Description of Qualifying Criteria

Criterion A – Species or Population Vulnerability

The dugong is listed by IUCN as Vulnerable to Extinction (Marsh and Sobtzick 2019). Systematic aerial surveys since 1985 indicate that the IMMA supports a significant dugong population. The 2018-19 population estimate was ~7000 +/- SE1600 using the Hagihara et al. method (Marsh et al. 2020), >2% of the Australian and global dugong populations. The exact proportions cannot be quantified due to incomplete surveys of some of the dugong’s range in Australia and most of the species’ range outside Australia and/or inconsistent survey methodologies (Marsh et al. 2011). Nonetheless, the global significance of the population is unquestionable, despite these uncertainties.  The importance of the Great Barrier Reef (GBR) Region for the dugong was a reason for the Region’s World Heritage Listing (GBRMPA 1981) and two-thirds of the GBR population occurs in this IMMA. The IMMA population has been stable since at least 2006 (Marsh et al. 2020), while the population of the southern Great Barrier Reef region is decreasing (Marsh et al. 2019).

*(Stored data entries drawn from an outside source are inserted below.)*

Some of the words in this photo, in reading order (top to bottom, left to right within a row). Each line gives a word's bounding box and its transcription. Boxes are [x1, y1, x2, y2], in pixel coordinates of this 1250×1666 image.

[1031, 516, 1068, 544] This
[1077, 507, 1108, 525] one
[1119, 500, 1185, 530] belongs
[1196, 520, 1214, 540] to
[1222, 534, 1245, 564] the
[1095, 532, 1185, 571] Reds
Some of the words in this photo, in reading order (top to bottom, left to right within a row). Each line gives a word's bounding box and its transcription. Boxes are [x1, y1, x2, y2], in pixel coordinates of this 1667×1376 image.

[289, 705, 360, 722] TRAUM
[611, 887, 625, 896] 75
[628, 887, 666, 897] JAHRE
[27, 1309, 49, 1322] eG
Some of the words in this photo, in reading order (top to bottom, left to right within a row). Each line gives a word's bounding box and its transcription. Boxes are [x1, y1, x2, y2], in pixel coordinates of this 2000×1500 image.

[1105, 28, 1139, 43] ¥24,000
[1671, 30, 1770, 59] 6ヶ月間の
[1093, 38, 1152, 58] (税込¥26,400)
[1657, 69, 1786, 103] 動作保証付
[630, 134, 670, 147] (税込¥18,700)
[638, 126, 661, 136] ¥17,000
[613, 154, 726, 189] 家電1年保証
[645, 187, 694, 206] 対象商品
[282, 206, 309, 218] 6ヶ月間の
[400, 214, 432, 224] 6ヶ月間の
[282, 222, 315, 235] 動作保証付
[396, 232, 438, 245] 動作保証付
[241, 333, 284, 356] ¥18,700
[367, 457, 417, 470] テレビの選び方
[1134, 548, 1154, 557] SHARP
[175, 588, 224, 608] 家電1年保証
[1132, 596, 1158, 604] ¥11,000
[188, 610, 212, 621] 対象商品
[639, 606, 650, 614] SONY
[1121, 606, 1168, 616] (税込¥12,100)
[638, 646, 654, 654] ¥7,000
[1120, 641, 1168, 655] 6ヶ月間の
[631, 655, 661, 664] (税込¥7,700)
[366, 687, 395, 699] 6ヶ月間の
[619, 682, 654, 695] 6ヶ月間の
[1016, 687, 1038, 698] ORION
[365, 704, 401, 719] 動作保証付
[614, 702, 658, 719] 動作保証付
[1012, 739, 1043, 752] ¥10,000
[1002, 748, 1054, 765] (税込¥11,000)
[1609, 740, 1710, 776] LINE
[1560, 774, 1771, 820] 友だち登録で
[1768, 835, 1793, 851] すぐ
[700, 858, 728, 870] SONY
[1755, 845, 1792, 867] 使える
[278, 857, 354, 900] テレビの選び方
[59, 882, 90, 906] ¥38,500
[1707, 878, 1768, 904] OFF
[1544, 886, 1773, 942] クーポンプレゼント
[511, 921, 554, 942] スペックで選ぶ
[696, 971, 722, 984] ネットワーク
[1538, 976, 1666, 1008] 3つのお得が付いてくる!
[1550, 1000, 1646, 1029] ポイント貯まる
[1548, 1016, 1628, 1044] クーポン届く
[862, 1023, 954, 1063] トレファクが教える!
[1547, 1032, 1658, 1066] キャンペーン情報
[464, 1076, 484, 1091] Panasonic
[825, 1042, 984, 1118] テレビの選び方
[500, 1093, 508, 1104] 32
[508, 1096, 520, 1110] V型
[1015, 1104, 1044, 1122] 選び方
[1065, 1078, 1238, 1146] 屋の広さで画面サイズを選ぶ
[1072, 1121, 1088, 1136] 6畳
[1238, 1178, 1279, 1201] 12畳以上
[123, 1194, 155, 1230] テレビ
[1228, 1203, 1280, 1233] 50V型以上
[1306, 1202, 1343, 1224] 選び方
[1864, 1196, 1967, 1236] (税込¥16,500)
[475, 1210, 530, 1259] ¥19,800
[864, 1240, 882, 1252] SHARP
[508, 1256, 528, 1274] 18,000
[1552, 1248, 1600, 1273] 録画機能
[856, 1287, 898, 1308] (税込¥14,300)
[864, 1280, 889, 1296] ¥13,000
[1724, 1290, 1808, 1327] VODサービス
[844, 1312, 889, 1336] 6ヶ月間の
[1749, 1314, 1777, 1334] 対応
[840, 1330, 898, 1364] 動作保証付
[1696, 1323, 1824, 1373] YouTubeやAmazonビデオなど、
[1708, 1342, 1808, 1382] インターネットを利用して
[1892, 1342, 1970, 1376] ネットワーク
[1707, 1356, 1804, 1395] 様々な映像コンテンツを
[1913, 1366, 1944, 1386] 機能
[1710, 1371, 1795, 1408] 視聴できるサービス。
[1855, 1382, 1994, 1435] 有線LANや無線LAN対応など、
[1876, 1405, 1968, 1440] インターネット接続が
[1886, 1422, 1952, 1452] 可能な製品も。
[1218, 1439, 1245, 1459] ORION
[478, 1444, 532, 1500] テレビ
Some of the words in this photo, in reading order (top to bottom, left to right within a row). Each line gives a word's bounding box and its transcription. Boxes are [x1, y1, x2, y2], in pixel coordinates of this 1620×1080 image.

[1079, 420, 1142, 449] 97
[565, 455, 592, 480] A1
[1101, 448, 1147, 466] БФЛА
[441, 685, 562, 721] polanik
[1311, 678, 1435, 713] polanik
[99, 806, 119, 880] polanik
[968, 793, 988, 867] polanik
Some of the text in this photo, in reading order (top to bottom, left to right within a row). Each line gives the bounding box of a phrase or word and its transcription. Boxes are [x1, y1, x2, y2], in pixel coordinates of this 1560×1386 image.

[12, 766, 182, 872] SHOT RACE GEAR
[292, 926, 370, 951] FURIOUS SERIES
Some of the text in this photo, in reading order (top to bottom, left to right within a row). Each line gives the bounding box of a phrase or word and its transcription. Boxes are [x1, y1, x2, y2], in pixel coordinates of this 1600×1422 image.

Thus, this IMMA is very important for the survival and recovery of the dugong both in the remainder of the Great Barrier Reef World Heritage Area and globally. Several dugongs have been tracked making large scale movements between this IMMA and the Hinchinbrook-Cleveland Bay area in the Hinchinbrook to Round Hill Network IMMA (Shepherd et al. 2006). No movements have been recorded between this IMMA and the Central and Western Torres Strait IMMA, but the sample size of satellite-tracked dugongs is very small.  The Australian Humpback dolphin and the Australian Snubfin dolphin are both listed as Vulnerable by IUCN (Parra et al. 2017 a and b). Both species are endemic to the waters of the Sahul shelf, this area supporting small, apparently resident populations of both species where observations have been made for both breeding and feeding (Parra et al. 2006; Sobtzick et al. 2014, Penrose et al. 2015).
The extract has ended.